Set In Stone, from the new Bewilderness series.

As I write my artist statement for my submission to the Arizona Biennial show at the Tucson Museum of Art later this year, I find myself again contemplating how frequently ideas that impact my work in all media have their conceptual genesis in an entirely different artform.

Everything we do as artists filters into our art. Our loves and losses, human triumphs and tragedies, our friendships, associations and experiences, but also our work on all fronts.

More and more I think of myself as a digital artist – a composer, writer, photographer, performance artist and filmmaker who uses digital technology in all I do.

I typically work multiple projects in several disciplines simultaneously, and let discoveries in each open new paths for the rest. This has become particularly plain in a new offshoot of one of my photographic series.

In 2014 I started a photographic series called Bewilderness. The original concept was a series of collaborative projects with models in which peculiar goings-on would be photographed to create curious panoramic images in various incongruous landscapes. Recently a new branch sprouted to the series involving standard-frame size images merging landscapes, textures and human forms into something akin to visual poetry.

Sedimentary, from the new Bewilderness series.

Sedimentary, from the new Bewilderness series.

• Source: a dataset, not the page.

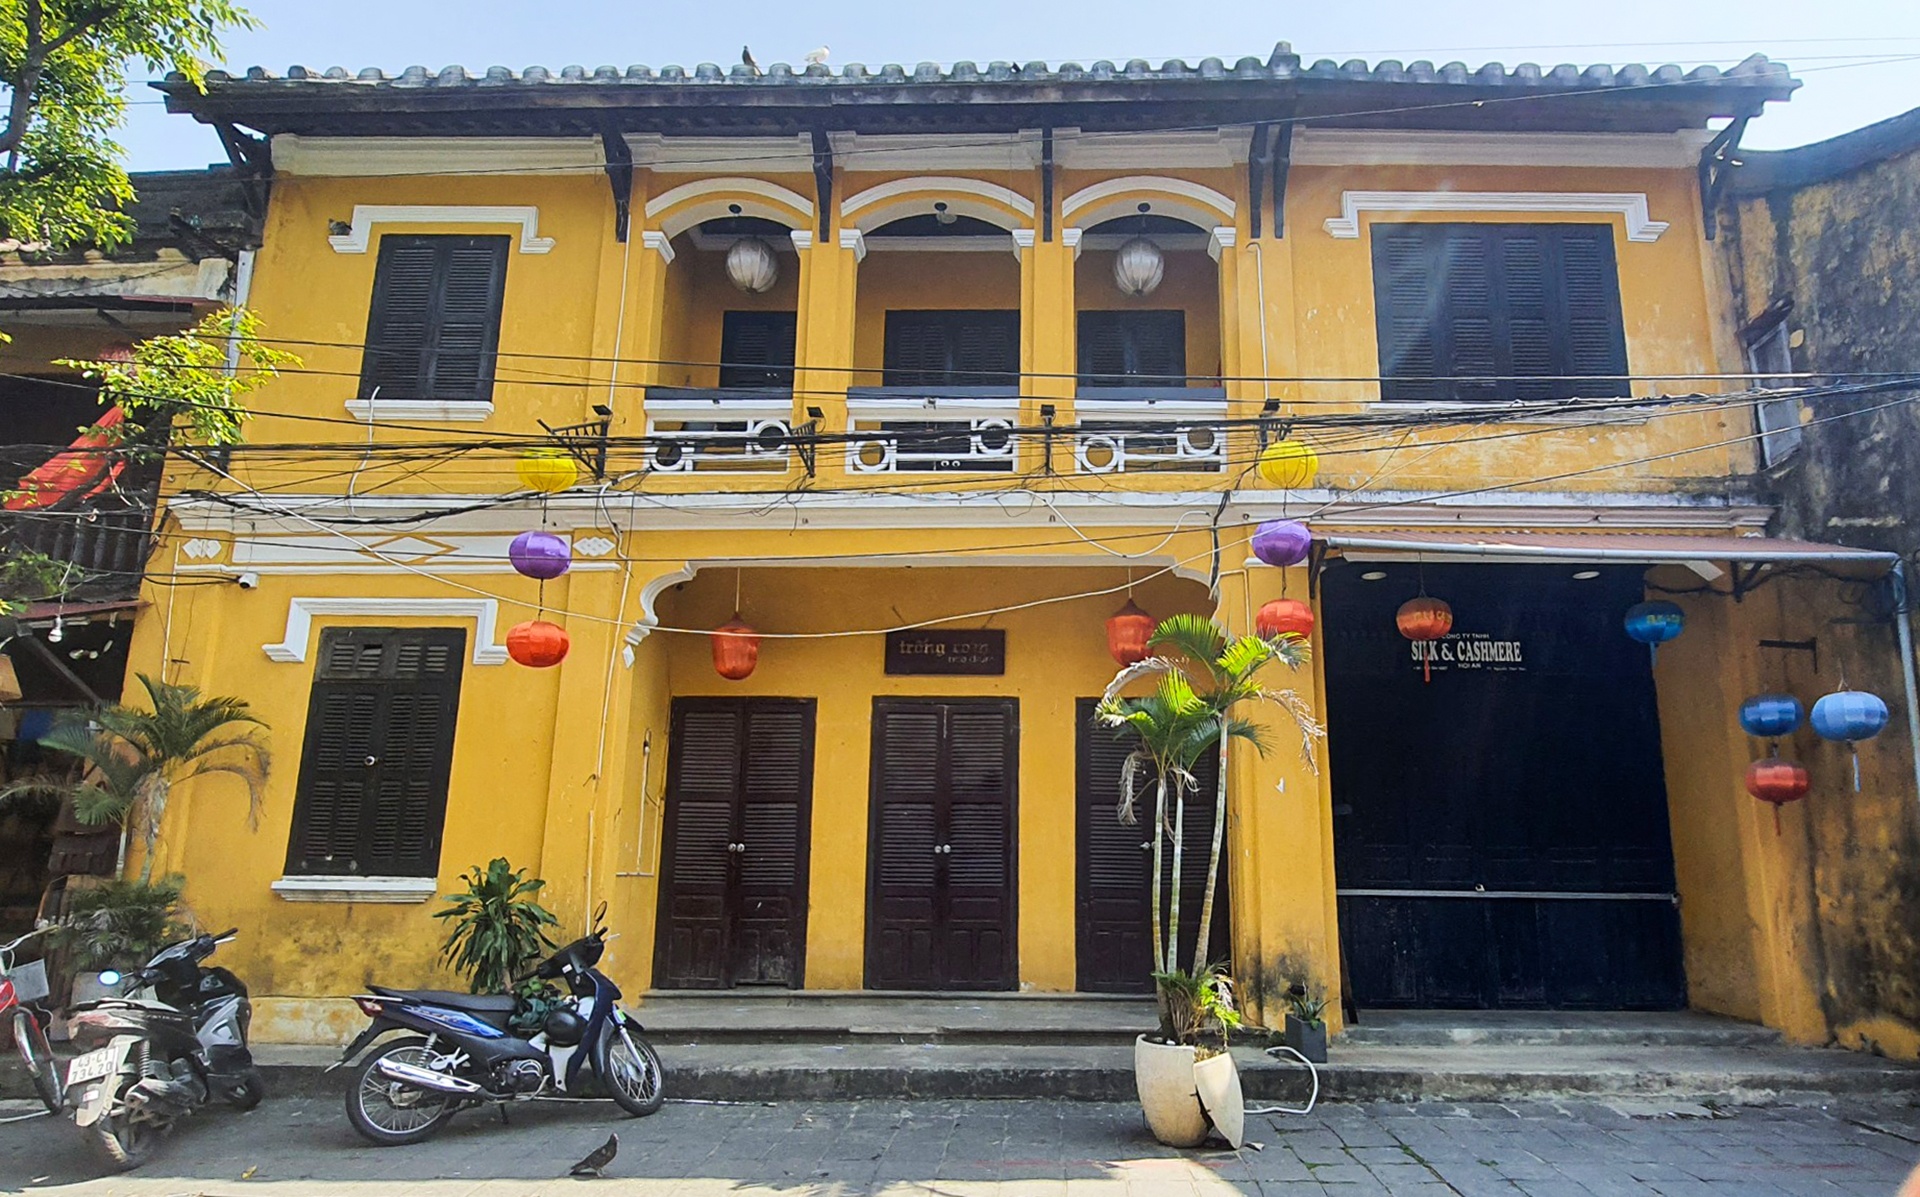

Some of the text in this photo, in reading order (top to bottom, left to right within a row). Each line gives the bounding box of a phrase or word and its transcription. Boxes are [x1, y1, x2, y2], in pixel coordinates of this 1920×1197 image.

[1411, 640, 1522, 662] SILK & CASHMERE

This latest branch of composite image making takes all of its cues from processes first explored as a composer of electronic music. Filtering, blending and mixing constructs are the foundations of my musical pursuits. These in time became the genesis of experimental techniques explored in a film I have been working on for the past two years in collaboration with performance artist Laura Milkins. Titled “Poem From Memory,” it employs several simultaneous layers of time-lapse and slowed down video, as well as slow moving animation, to create the illusion of movement through impossible, surreal landscapes. That exploration of image layering in turn gave rise to a new branch of the Bewilderness series. And again, this is leading to refinements of the musical score for the film, based on discoveries made in both the film and still images.

I have always found that simultaneously working multiple projects leads to both inspirational and technical breakthroughs for all. Techniques developed in commercial projects I am involved in find their way into my artistic endeavors, and vice versa. Curiously the simultaneous work lessens the stress associated with each rather than compounding it. Being able to step away from a film project, for example, to compose just for the hell of it, or to step out into the desert to reimagine my world, allows me to return to the main project with fresh eyes and ears.